I am backstage, about to tell stories onstage. A man with a name tag and a clipboard announces, “Ten minutes to showtime.”
I am tuning my guitar, hoping I won’t stink tonight.
This is what all performers think about before they go onstage. They say silent prayers that all go, more or less, the same way.
“Dear God, don’t let me suck.”
It’s easy to stink at storytelling because there is no school for such things, so you don’t know if you’re getting it right.
I am still unclear on how I started telling stories for a living. The only education I have in storytelling came from elderly men who wore Velcro shoes and wore their slacks up to their armpits.
I have always had a soft spot for old men. From childhood, I believed that I was an old man trapped inside a kid’s body. I never fit in with peers, and I never wanted to. This was only made worse by the fact that I was raised as a tee-totalling fundamentalist who was forbidden from touching NyQuil.
As a young man, I would find myself in a crowd of teenagers who were smoking cigarettes, sipping longnecks, far from parental eyes, and for some reason, nobody ever offered me any real chances at sinning.
I would have appreciated the opportunity, but they viewed me as different.
I was blacklisted from social situations because I was the old man of the group. During social scenarios, I would generally hang in the corner, drinking prune juice, adjusting my Velcro footwear, holding everyone’s car keys.

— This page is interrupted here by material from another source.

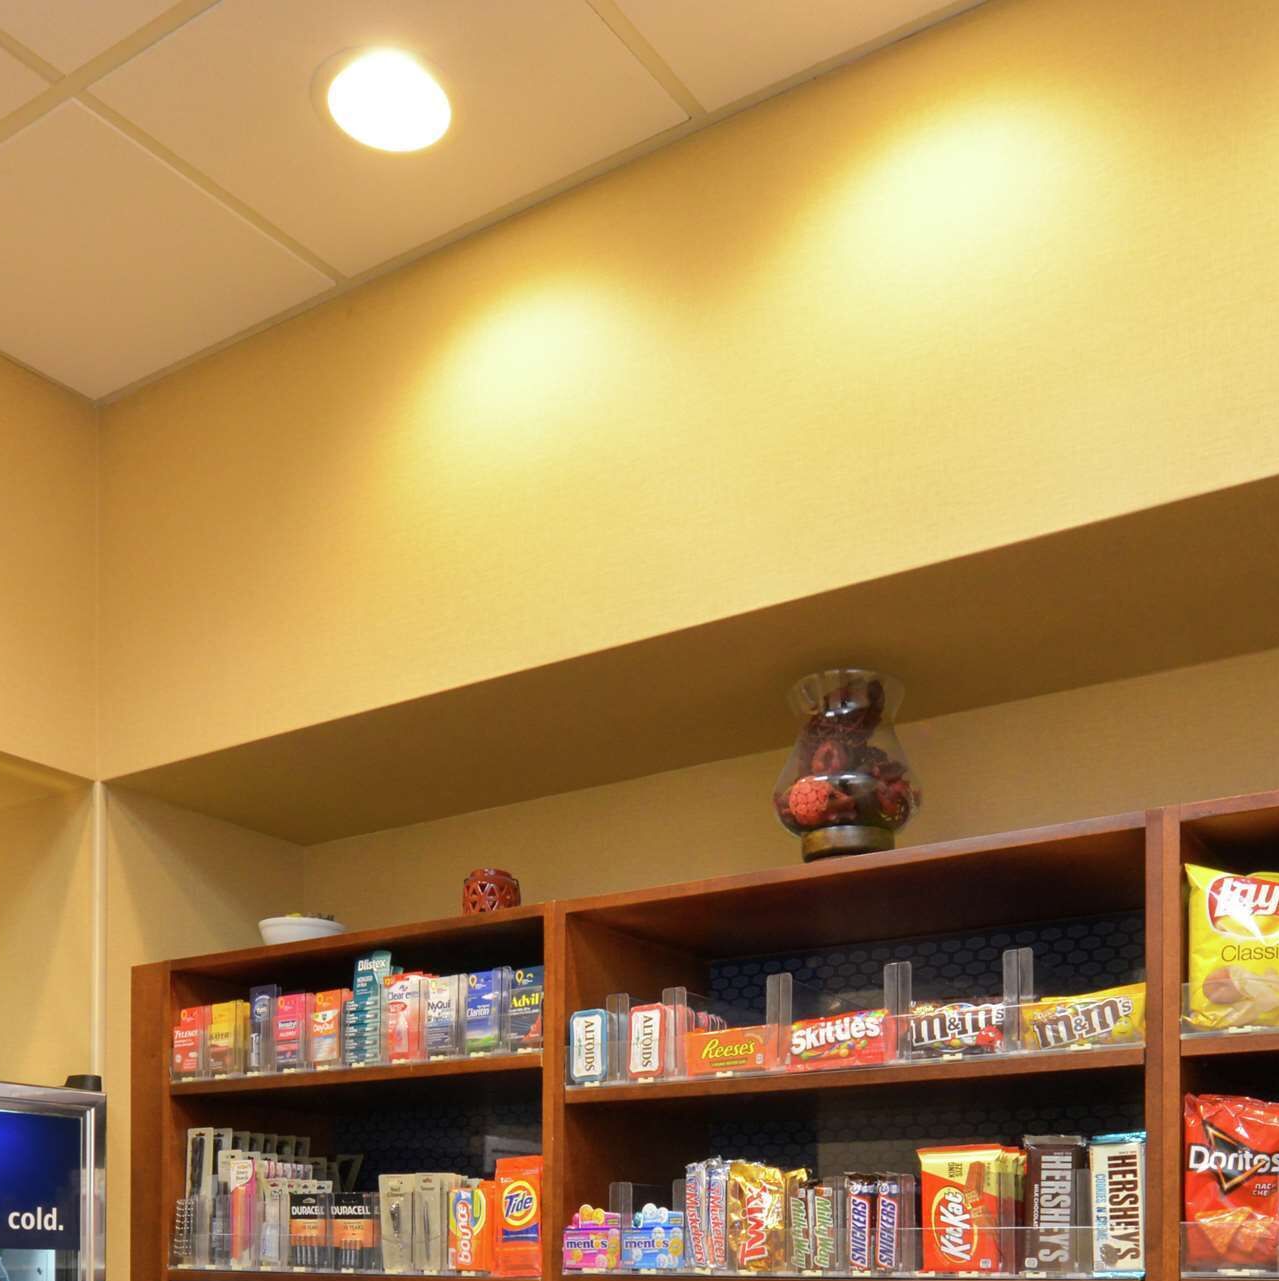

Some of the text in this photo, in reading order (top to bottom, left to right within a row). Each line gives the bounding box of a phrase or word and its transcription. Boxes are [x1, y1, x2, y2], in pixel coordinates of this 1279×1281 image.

People called me “D.B.,” which was short for “Designated Baptist.”
Ah, but my truest friends were elderly men. What I liked about them most was that they had already gotten their petty teenageness out of the way. They were more interested in major sins. For example, Biloxi.
After my father died, I looked for anyone with white hair to pay attention to me. I just wanted someone to be proud of me. I wanted to piece together a father figure. When I found the right person, I would follow him around like a Labrador until he took me home.
There was Jim. Bless him. He has Alzheimer’s now. He was retired and had nothing to do but tell stories.
And there was Davey, the retired Auburn University professor. He chain-smoked Winstons and read Wordsworth. He would loan these books to me and encourage me to read them. He would ask me to summarize them.
I don’t know if you’ve ever read British Romantic poetry, but they use a lot of “heretofores” and “whithersoevers.”
In his ratty apartment, that old man taught a high-school dropout to appreciate literature.
Old men are not like boys. They don’t have big ambitions—if any. They’re past ambition, and they have only experience left. They are ready to integrate what they know about the world into the lives of people around them. And if you listen, they will teach you.
After all, old men have seen their mistakes get worse over time, and watched their qualities get better with age. They’ve lost those they care about, and discovered that success is crap.
Sometimes they are grumpy, sure. Sometimes their joints get stoved up. Sometimes they can’t help telling it like it is. But other times, they will say something so profound, so incredible, that you have to write it down.
“Five more minutes,” the man with the clipboard says.
I hurry to the bathroom one last time. When I am at the sink, there is an old man beside me. White hair, thick glasses.
He dries his hands with paper towels and says, “You ever heard of this storyteller guy, Sean Dietrich?”
I keep my head down. “No sir.”
“Me neither. My dang wife dragged me here tonight, I sure as hell didn’t wanna come. Hope this guy doesn’t stink.”
He tosses his paper towel into the garbage and leaves the bathroom. I could be wrong, but I believe he was wearing white Velcro shoes.
I sincerely hope I don’t let that old man down.
2 comments
Melanie Magee - June 17, 2024 1:04 am
Don’t think you could let anyone down. Even just being. Not talking or anything still great. What a way with writing and words though. Love “will the circle be unbroken”. The new Mark twain.
stephenpe - June 17, 2024 12:51 pm
I’m smiling after that story. Im an old man and I try to not to repeat stories to my kids and friends. And everything you say about us is the truth. My daddy told me stories and I tell stories. One day you are living your life and busy and the next, your RPMs have cut way back and you are reflecting on your life, wondering how it went by so fast. And realizing NOW what is really important. We love you, Sean. You put into words things we understand and care about.